Segment Start: Available data

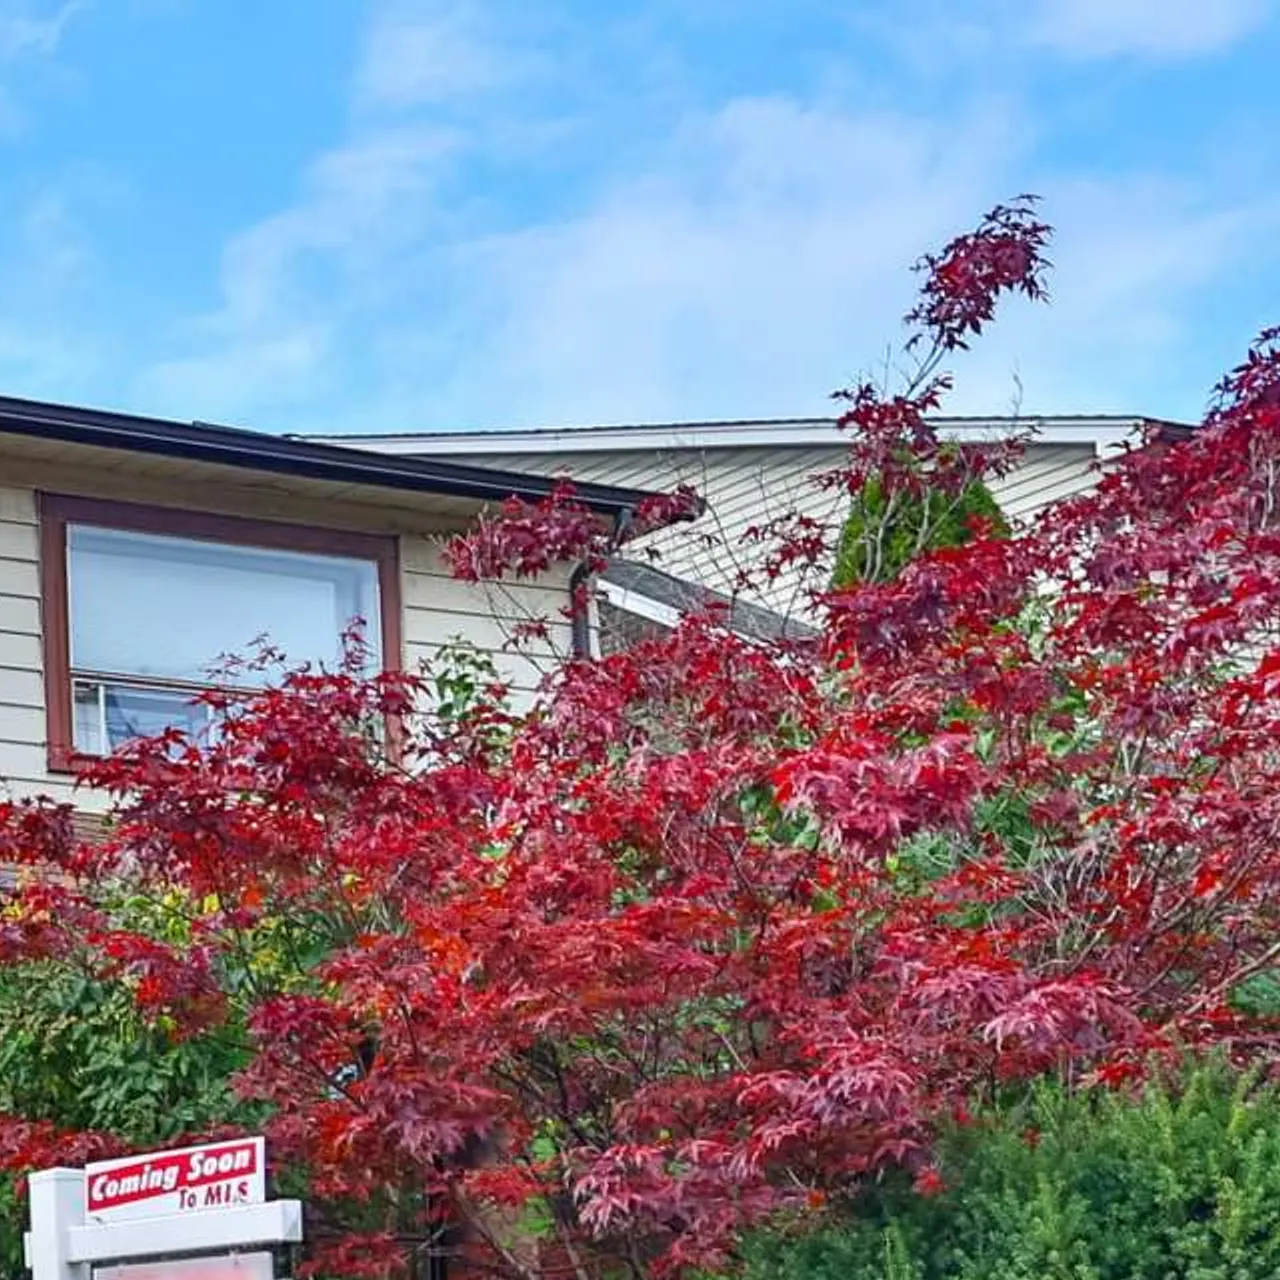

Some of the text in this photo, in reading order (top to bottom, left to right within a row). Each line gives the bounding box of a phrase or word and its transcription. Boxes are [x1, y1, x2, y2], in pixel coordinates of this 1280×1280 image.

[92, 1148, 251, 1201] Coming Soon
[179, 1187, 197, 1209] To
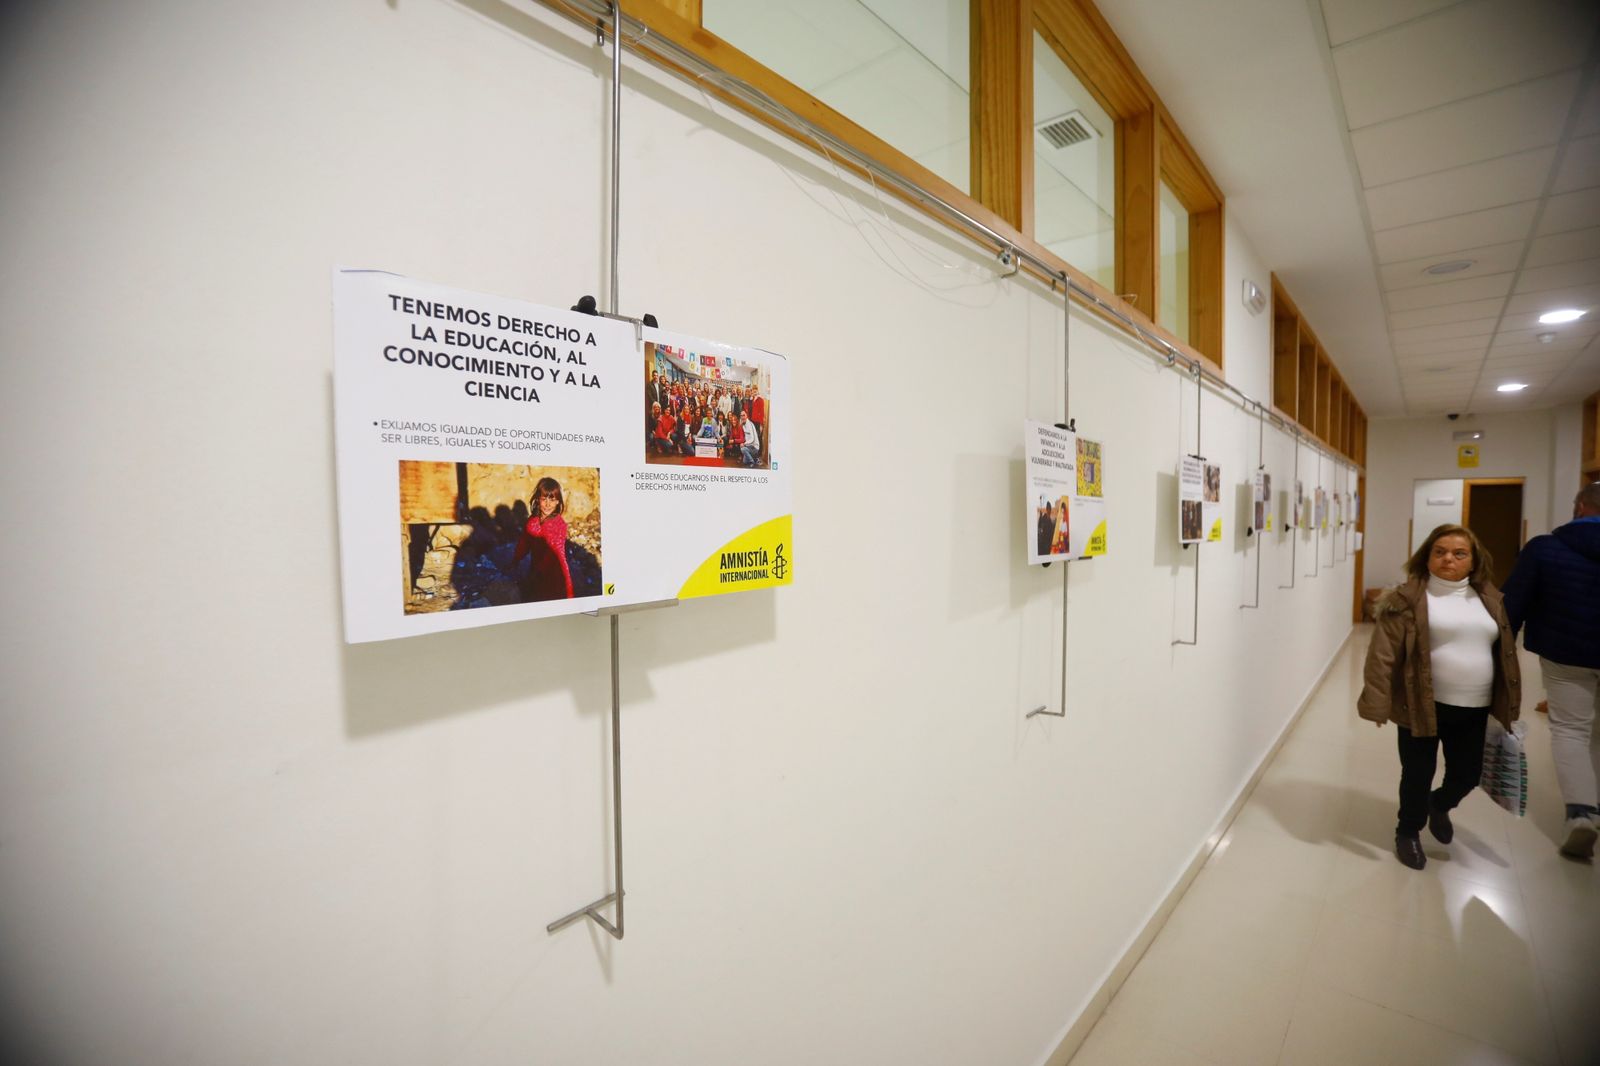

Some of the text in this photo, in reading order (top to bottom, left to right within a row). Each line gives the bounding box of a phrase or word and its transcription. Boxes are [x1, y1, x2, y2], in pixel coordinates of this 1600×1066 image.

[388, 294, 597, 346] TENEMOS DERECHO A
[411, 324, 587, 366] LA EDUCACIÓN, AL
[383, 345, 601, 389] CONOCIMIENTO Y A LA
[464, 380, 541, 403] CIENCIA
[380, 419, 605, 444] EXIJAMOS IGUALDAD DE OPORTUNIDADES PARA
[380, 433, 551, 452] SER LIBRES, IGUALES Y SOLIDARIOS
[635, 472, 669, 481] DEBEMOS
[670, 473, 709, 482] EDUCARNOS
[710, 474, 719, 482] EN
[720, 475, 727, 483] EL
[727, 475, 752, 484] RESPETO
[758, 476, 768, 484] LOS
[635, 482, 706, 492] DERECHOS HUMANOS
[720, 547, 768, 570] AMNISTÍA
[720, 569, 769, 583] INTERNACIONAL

Segment End: Available data

**Problem statement:**
Restate the records above in full, word for word. Keep pictures out.

**Exercise response:**
Some of the text in this photo, in reading order (top to bottom, left to right within a row). Each line gives the bounding box of a phrase or word and its transcription. Boxes are [x1, y1, x2, y2], in pixel coordinates of this 1280×1280 image.

[92, 1148, 251, 1201] Coming Soon
[179, 1187, 197, 1209] To

Some of the text in this photo, in reading order (top to bottom, left to right within a row). Each line gives the bounding box of a phrase or word and its transcription. Boxes are [x1, y1, x2, y2], in pixel coordinates of this 1600×1066 image.

[388, 294, 597, 346] TENEMOS DERECHO A
[411, 324, 587, 366] LA EDUCACIÓN, AL
[383, 345, 601, 389] CONOCIMIENTO Y A LA
[464, 380, 541, 403] CIENCIA
[380, 419, 605, 444] EXIJAMOS IGUALDAD DE OPORTUNIDADES PARA
[380, 433, 551, 452] SER LIBRES, IGUALES Y SOLIDARIOS
[635, 472, 669, 481] DEBEMOS
[670, 473, 709, 482] EDUCARNOS
[710, 474, 719, 482] EN
[720, 475, 727, 483] EL
[727, 475, 752, 484] RESPETO
[758, 476, 768, 484] LOS
[635, 482, 706, 492] DERECHOS HUMANOS
[720, 547, 768, 570] AMNISTÍA
[720, 569, 769, 583] INTERNACIONAL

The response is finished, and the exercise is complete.